▶ _Problem to solve_: Retype the data that follows with no alterations, please.

^^^^^^^^^^^^^^^^

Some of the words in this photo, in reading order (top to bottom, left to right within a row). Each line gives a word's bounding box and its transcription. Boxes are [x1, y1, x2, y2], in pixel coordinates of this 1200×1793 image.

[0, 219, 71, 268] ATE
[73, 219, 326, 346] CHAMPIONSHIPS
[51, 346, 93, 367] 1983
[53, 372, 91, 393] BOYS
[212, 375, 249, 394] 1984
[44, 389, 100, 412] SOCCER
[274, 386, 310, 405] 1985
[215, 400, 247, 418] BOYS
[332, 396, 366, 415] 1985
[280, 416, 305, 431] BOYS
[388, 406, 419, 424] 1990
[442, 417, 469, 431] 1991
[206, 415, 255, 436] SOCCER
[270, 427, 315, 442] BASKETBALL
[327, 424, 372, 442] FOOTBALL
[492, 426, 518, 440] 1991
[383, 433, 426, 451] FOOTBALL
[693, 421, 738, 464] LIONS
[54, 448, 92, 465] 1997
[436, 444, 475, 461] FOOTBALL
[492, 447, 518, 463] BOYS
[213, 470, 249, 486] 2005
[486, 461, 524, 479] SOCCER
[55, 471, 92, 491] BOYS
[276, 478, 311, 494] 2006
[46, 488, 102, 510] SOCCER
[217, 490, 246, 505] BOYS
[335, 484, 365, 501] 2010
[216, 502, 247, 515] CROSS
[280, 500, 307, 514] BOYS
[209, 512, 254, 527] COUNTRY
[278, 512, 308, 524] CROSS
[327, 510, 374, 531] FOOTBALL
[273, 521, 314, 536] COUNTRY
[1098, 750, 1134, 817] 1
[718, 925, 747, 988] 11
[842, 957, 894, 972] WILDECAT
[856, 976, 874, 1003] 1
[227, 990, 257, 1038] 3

^^^^^^^^^^^^^^^^

▶ _Exercise output_:
Some of the words in this photo, in reading order (top to bottom, left to right within a row). Each line gives a word's bounding box and its transcription. Boxes are [x1, y1, x2, y2], in pixel coordinates of this 1200×1793 image.

[0, 219, 71, 268] ATE
[73, 219, 326, 346] CHAMPIONSHIPS
[51, 346, 93, 367] 1983
[53, 372, 91, 393] BOYS
[212, 375, 249, 394] 1984
[44, 389, 100, 412] SOCCER
[274, 386, 310, 405] 1985
[215, 400, 247, 418] BOYS
[332, 396, 366, 415] 1985
[280, 416, 305, 431] BOYS
[388, 406, 419, 424] 1990
[442, 417, 469, 431] 1991
[206, 415, 255, 436] SOCCER
[270, 427, 315, 442] BASKETBALL
[327, 424, 372, 442] FOOTBALL
[492, 426, 518, 440] 1991
[383, 433, 426, 451] FOOTBALL
[693, 421, 738, 464] LIONS
[54, 448, 92, 465] 1997
[436, 444, 475, 461] FOOTBALL
[492, 447, 518, 463] BOYS
[213, 470, 249, 486] 2005
[486, 461, 524, 479] SOCCER
[55, 471, 92, 491] BOYS
[276, 478, 311, 494] 2006
[46, 488, 102, 510] SOCCER
[217, 490, 246, 505] BOYS
[335, 484, 365, 501] 2010
[216, 502, 247, 515] CROSS
[280, 500, 307, 514] BOYS
[209, 512, 254, 527] COUNTRY
[278, 512, 308, 524] CROSS
[327, 510, 374, 531] FOOTBALL
[273, 521, 314, 536] COUNTRY
[1098, 750, 1134, 817] 1
[718, 925, 747, 988] 11
[842, 957, 894, 972] WILDECAT
[856, 976, 874, 1003] 1
[227, 990, 257, 1038] 3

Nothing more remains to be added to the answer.